Eminence in Shadow V4 Chapter 3 Part 2
Novel The Eminence in Shadow Indonesia
Rose menaiki tangga luar yang mengarah ke istana kerajaan.
Dia terlihat sangat cantik dalam gaun pengantin putih bersihnya, memikat semua orang yang melihatnya.
Kerumunan warga Oriana berkumpul di bagian bawah tangga untuk menyaksikan persidangan. Rose mendengar sorakan dan ejekan, tetapi tidak ada yang menarik perhatiannya.
Di puncak tangga, pengantin prianya, Duke Perv, sedang menunggunya. Dia tampak agak aneh, tetapi mengingat betapa tenang perasaannya, Rose curiga itu hanya bayangannya saja.
Ketika dia mencapai puncak, mereka akan bertukar sumpah pernikahan mereka.
Namun, ekspresi Rose cerah dan tidak berawan.
Tadi malam turun salju, tapi kedatangan pagi itu mengakhirinya. Sinar matahari yang hangat mengalir turun dari langit biru yang jernih.

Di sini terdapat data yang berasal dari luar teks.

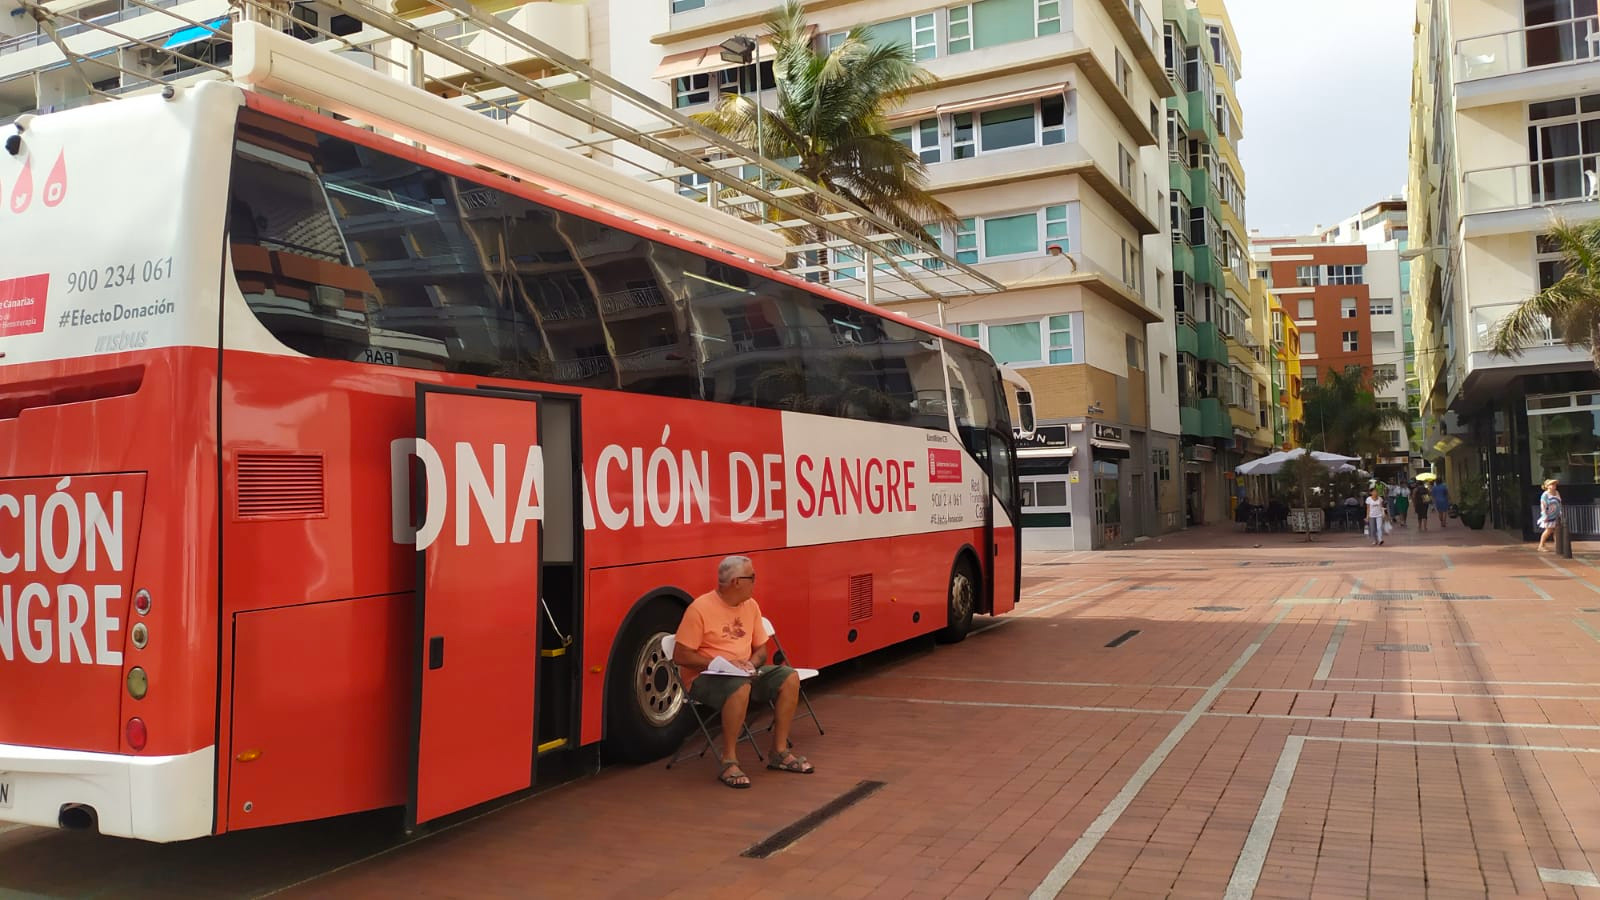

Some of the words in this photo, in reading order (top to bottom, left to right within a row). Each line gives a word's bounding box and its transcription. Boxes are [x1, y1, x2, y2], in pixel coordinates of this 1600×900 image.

[67, 269, 98, 294] 900
[104, 263, 136, 288] 234
[143, 256, 173, 282] 061
[58, 298, 175, 328] #EfectoDonación
[728, 451, 785, 522] DE
[795, 454, 917, 519] SANGRE

Dia sudah selesai merenungkan segalanya.
Dia tidak memiliki penyesalan lagi.
Dia tidak takut lagi.
Dia tahu apa yang harus dia lakukan.
Ketika dia mencapai puncak tangga, dia mengambil tempatnya di samping Perv.

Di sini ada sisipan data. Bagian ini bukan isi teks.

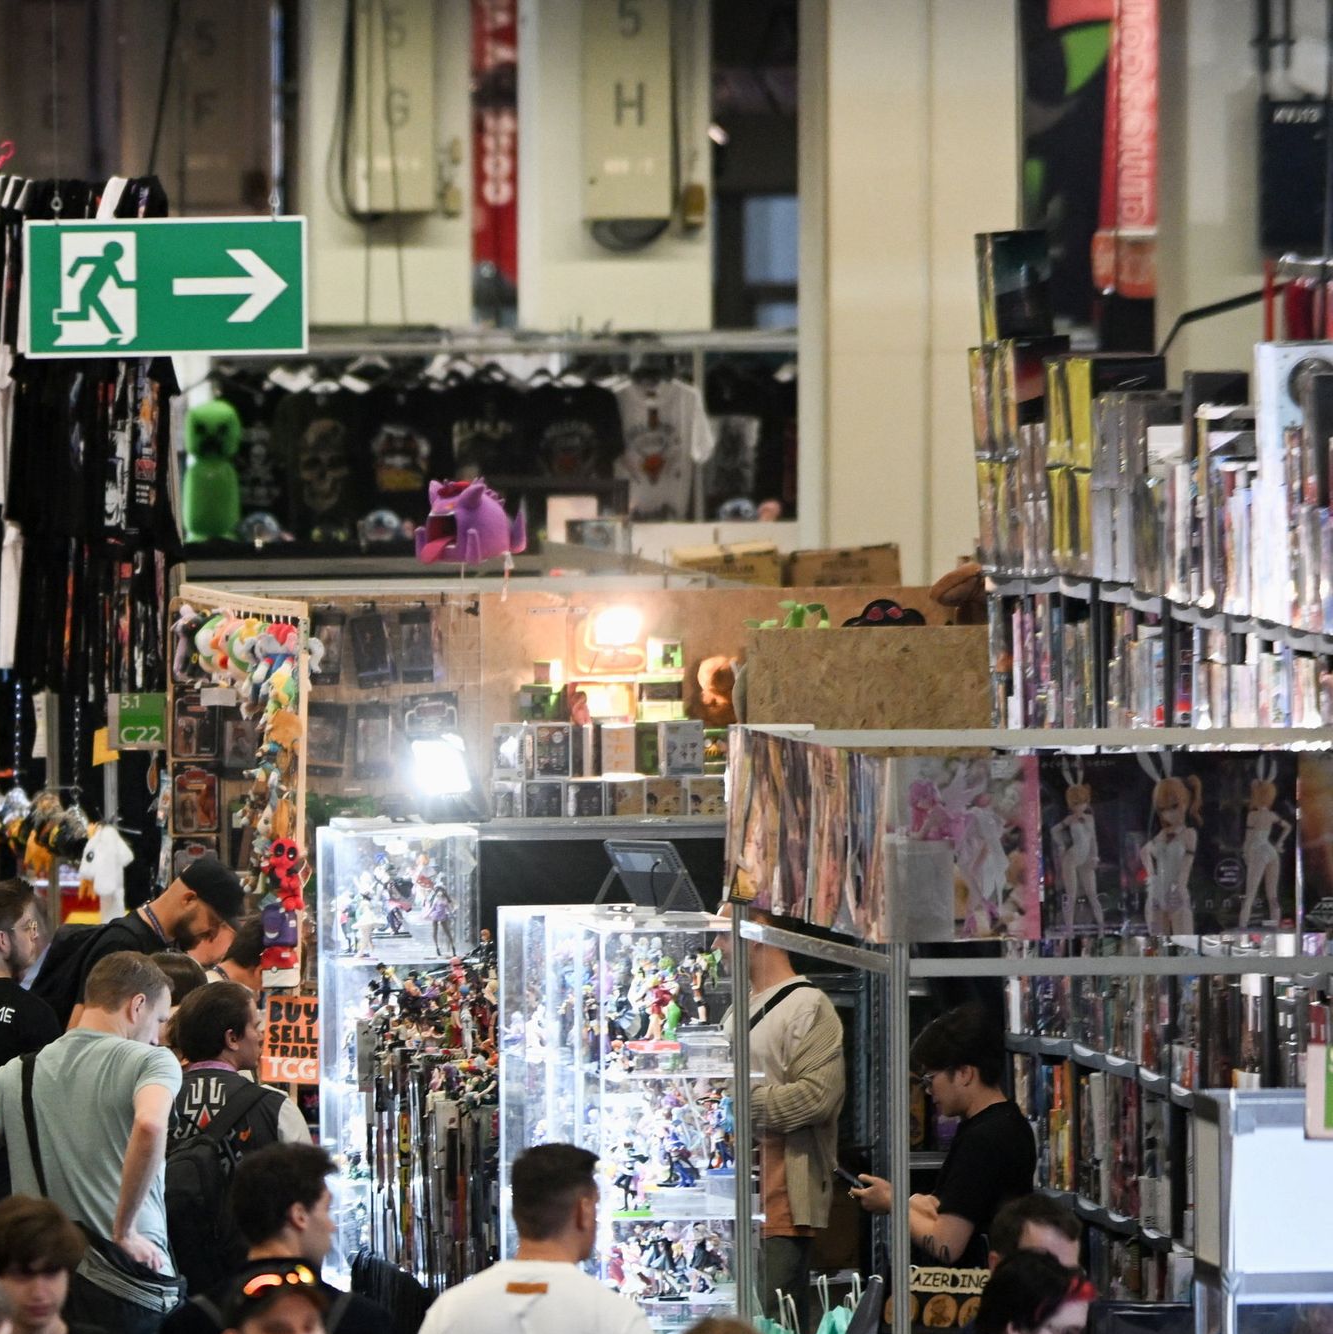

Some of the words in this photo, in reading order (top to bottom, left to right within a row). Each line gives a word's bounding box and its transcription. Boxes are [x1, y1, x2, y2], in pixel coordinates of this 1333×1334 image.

[614, 80, 645, 126] H
[121, 695, 141, 708] 5.1
[119, 726, 162, 745] C22
[268, 1024, 318, 1045] SELL
[268, 1044, 318, 1059] TRADE
[268, 1057, 317, 1079] TCG
[910, 1272, 990, 1289] AZERDING

Sedikit bingung melihat betapa pucat wajahnya, dia menunggu saat yang akan datang.
Setelah himne yang nyaring dan pembacaan Alkitab dari pendeta, tibalah waktunya untuk mengucapkan sumpah.
"Apakah kau berjanji untuk tetap bersama, dalam sakit dan sehat, kaya atau miskin, untuk mencintai dan menghargai?"
Perv adalah yang pertama berbicara. "Aku akan."
Semua mata tertuju pada Rose.
Angin sepoi-sepoi bertiup, membuat rambut pirang madunya tergerai. Saat itu, dia tersenyum—
"Aku tidak."
—dan berkata.
Kehebohan terjadi di antara kerumunan.
“A-Apa maksudmu?!” Teriakan Perv. Matanya terbelalak kaget.
Rose berbalik menghadap orang-orangnya. Mata kuning madunya berbinar, seolah dia baru saja mengetahui apa yang berharga baginya.
"Aku membunuh raja."
Suaranya menyebar dengan mudah melalui udara musim dingin.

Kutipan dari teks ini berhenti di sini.